In Faith’s mind, it was always
that.
She never gave it another name, for fear of yielding it yet more power over her.
That
was an addiction, she knew that much.
That
was something she was always giving up, except that she never did.
That
was the very opposite of Faith as the world knew her. Faith the good girl, the rock. Reliable, dull,
trustworthy Faith.

It was the unexpected opportunities that she found hardest to resist. An unattended envelope with the letter peeping out, clean and tantalizing. An unlocked door. A careless conversation,
unheeding of eavesdroppers.

There was a hunger in her, and girls were not supposed to be hungry. They were supposed to nibble sparingly when at table, and their minds were supposed to be satisfied with a slim diet too. A
few stale lessons from tired governesses, dull walks, unthinking pastimes. But it was
not
enough. All knowledge – any knowledge – called to Faith, and there was a delicious,
poisonous pleasure in stealing it unseen.

Right now, however, her curiosity had a focus and an urgent edge. At that very moment, her father and Uncle Miles might be talking about the Beetle Man, and the reasons for the family’s
sudden exodus.

‘Mother . . . may I walk on the deck a little while? My stomach . . .’ Faith almost made herself believe her own words. Her insides were indeed churning, but with excitement, not the
boat’s jarring lurches.

‘Very well – but do not answer anyone who talks to you. Take the umbrella, be careful not to fall overboard, and come back before you catch a chill.’

As Faith paced slowly alongside the rail, the faltering drizzle drumming on her umbrella, she admitted to herself that she was giving in to
that
again. Excitement pumped dark wine
through her veins and sharpened all her senses to painful edges. She wandered slowly out of sight of Myrtle and Howard, then dawdled, acutely aware of each glance directed her way. One by one these
gazes wearied of her and slid off once more.

Her moment came. Nobody was looking. She sidled quickly across the deck and lost herself among the crates that clustered at the base of the boat’s shuddering, discoloured funnel. The air
tasted of salt and guilt, and she felt alive.

She slipped from one hiding place to another, keeping her skirts gathered close so that they did not flare in the wind and betray her location. Her broad, square feet, so clumsy when anybody
tried to fit them for fashionable shoes, settled silently on the boards with practised deftness.

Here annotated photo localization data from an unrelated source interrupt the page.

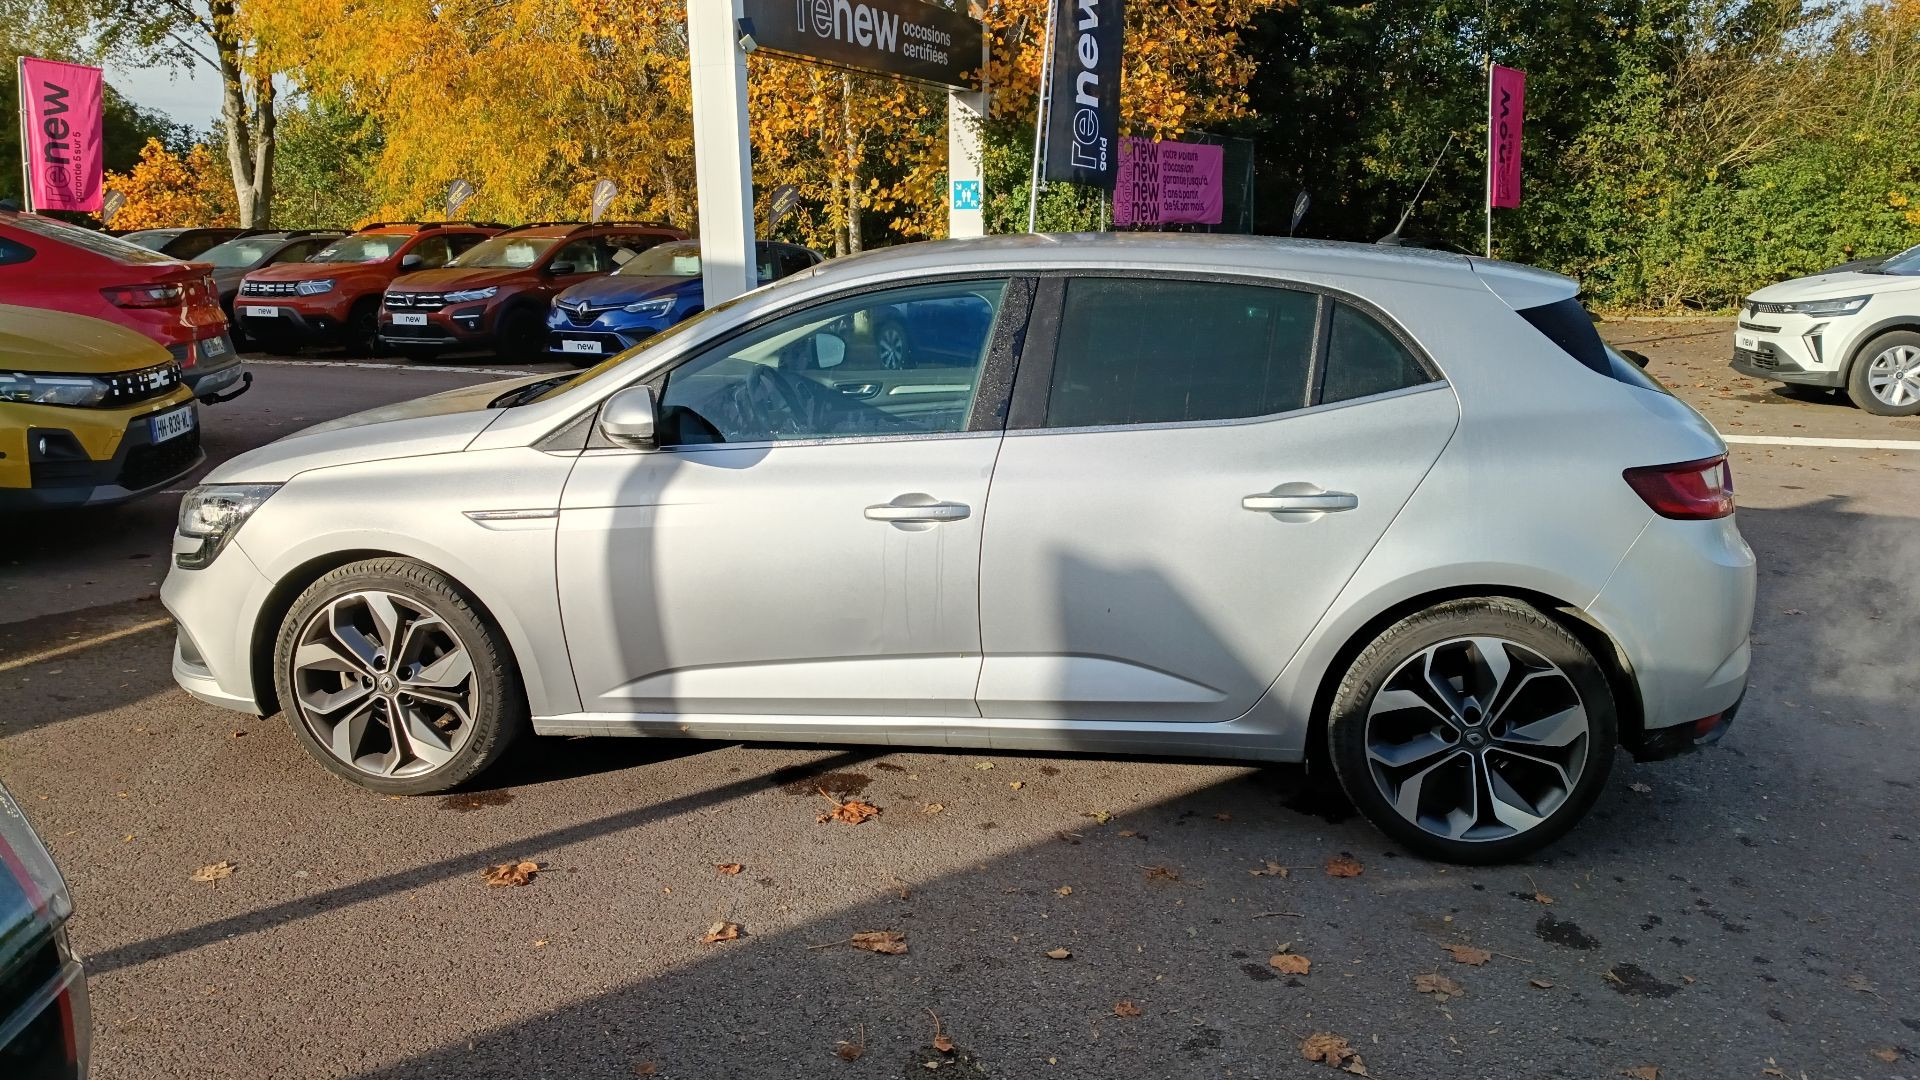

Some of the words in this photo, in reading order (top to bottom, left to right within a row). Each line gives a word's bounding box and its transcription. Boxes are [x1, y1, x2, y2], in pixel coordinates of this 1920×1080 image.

[796, 0, 899, 53] renew
[903, 22, 951, 47] occasions
[903, 43, 949, 66] certifiées
[43, 81, 71, 205] renew
[74, 139, 82, 155] sur
[1099, 136, 1108, 172] gold
[1162, 150, 1177, 160] votre
[1162, 161, 1194, 173] d'occasion
[1163, 199, 1173, 211] de

Between two crates she found a hiding place from which she could see her father and uncle a mere three yards away. Seeing her father without being seen felt like a special sacrilege.

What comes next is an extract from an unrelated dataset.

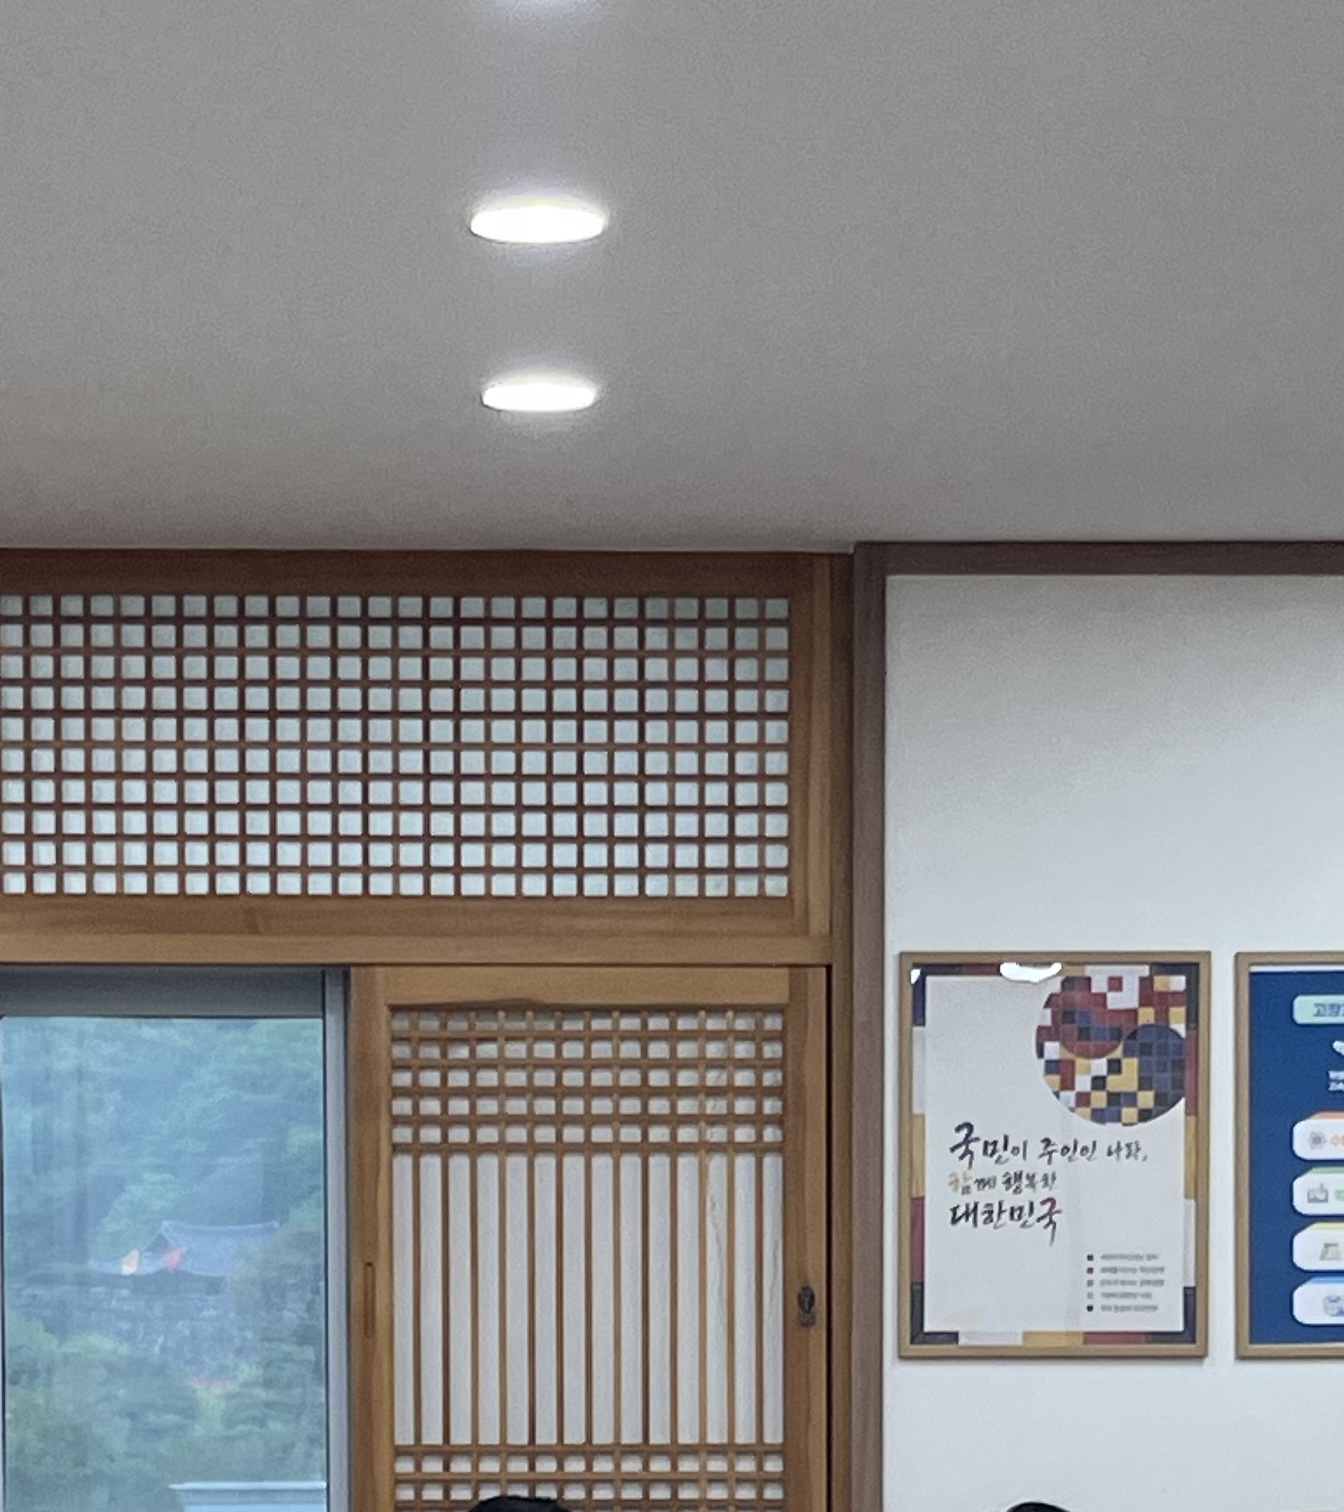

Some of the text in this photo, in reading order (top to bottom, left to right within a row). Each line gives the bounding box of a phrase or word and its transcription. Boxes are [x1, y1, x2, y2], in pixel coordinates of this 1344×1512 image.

‘To flee my own home!’ exclaimed the Reverend. ‘It smacks of cowardice, Miles. I should never have let you persuade me to leave Kent. And what good will our departure do?
Rumours are like dogs. Flee from them and they give chase.’

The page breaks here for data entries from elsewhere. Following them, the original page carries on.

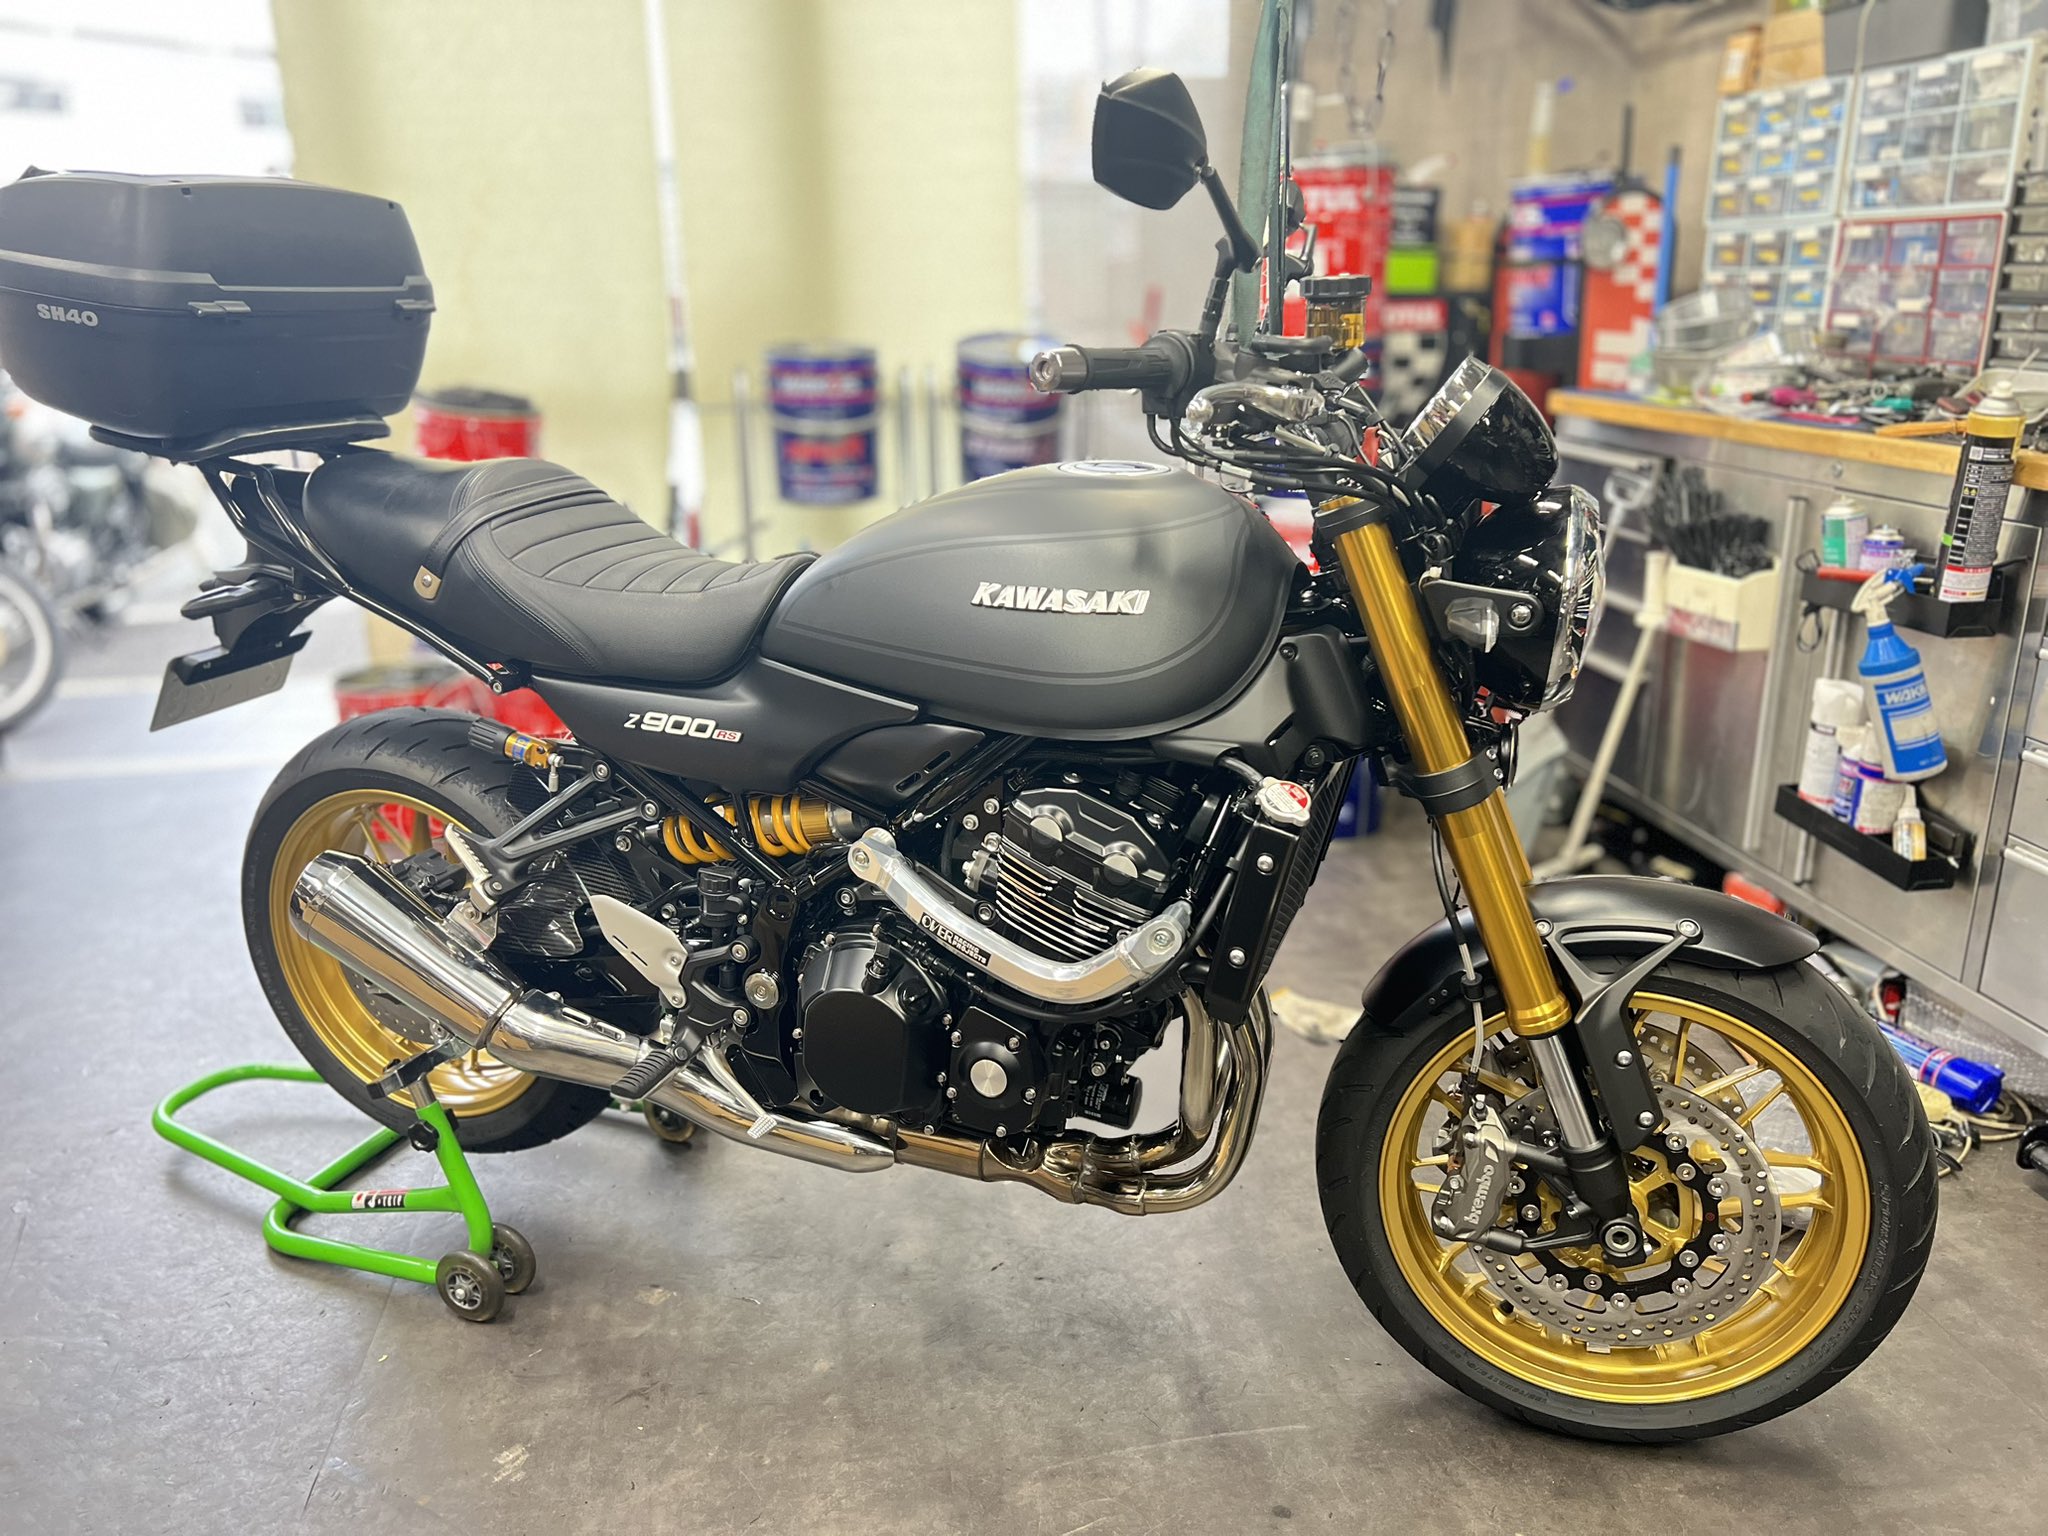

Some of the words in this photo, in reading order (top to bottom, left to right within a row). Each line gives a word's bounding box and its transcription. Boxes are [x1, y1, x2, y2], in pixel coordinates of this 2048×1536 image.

[36, 303, 99, 327] SH40
[970, 581, 1151, 615] KAWASAKI
[921, 914, 954, 945] OVER
[951, 941, 987, 965] PROJECTS
[953, 935, 980, 954] RACING
[1463, 1164, 1495, 1226] brembo

‘Rumours are dogs indeed, Erasmus.’ Uncle Miles squinted through his pince-nez. ‘And they hunt in packs, and on sight. You needed to leave society for a while. Now that you are
gone, they will find something else to chase.’

‘By creeping away under cover of darkness, Miles, I have
fed
these dogs. My departure will be used in evidence against me.’

‘Perhaps it will, Erasmus,’ answered Uncle Miles with unusual seriousness, ‘but would you rather be judged here on a remote island by a couple of sheep farmers, or in England
among persons of consequence? The Vane Island excavation was the best excuse I could find for your departure, and I remain glad that you chose to accept my arguments.

‘Yesterday morning that article in the
Intelligencer
was read out at breakfast tables all over the country. If you had stayed, you would have forced your entire circle to decide
whether they would support or snub you, and the way rumour has been spreading you might not have liked the decisions they would have made.

‘Erasmus, one of the most widely read and respected newspapers in the nation has decried you as a fraud and a cheat. Unless you want to subject Myrtle and the children to all the barbs and
trials of scandal, you cannot return to Kent. Until your name is clear, nothing good awaits any of you there.’

CHAPTER 2:
VANE

A fraud and a cheat.

The words buzzed in Faith’s head as she continued her damp promenade, staring distractedly at the passing islands. How could anybody suspect
her father
of fraud? His bleak and
terrible honesty were the plague and pride of the family. You knew where you stood with him, even if where you stood was within the blizzard of his disapproval. And what did Uncle Miles mean by
‘fraud’ anyway?

By the time she returned to the shelter of the saloon, Uncle Miles and her father were back in their seats. Faith sat down on the snake crate again, unable to meet anyone’s eye.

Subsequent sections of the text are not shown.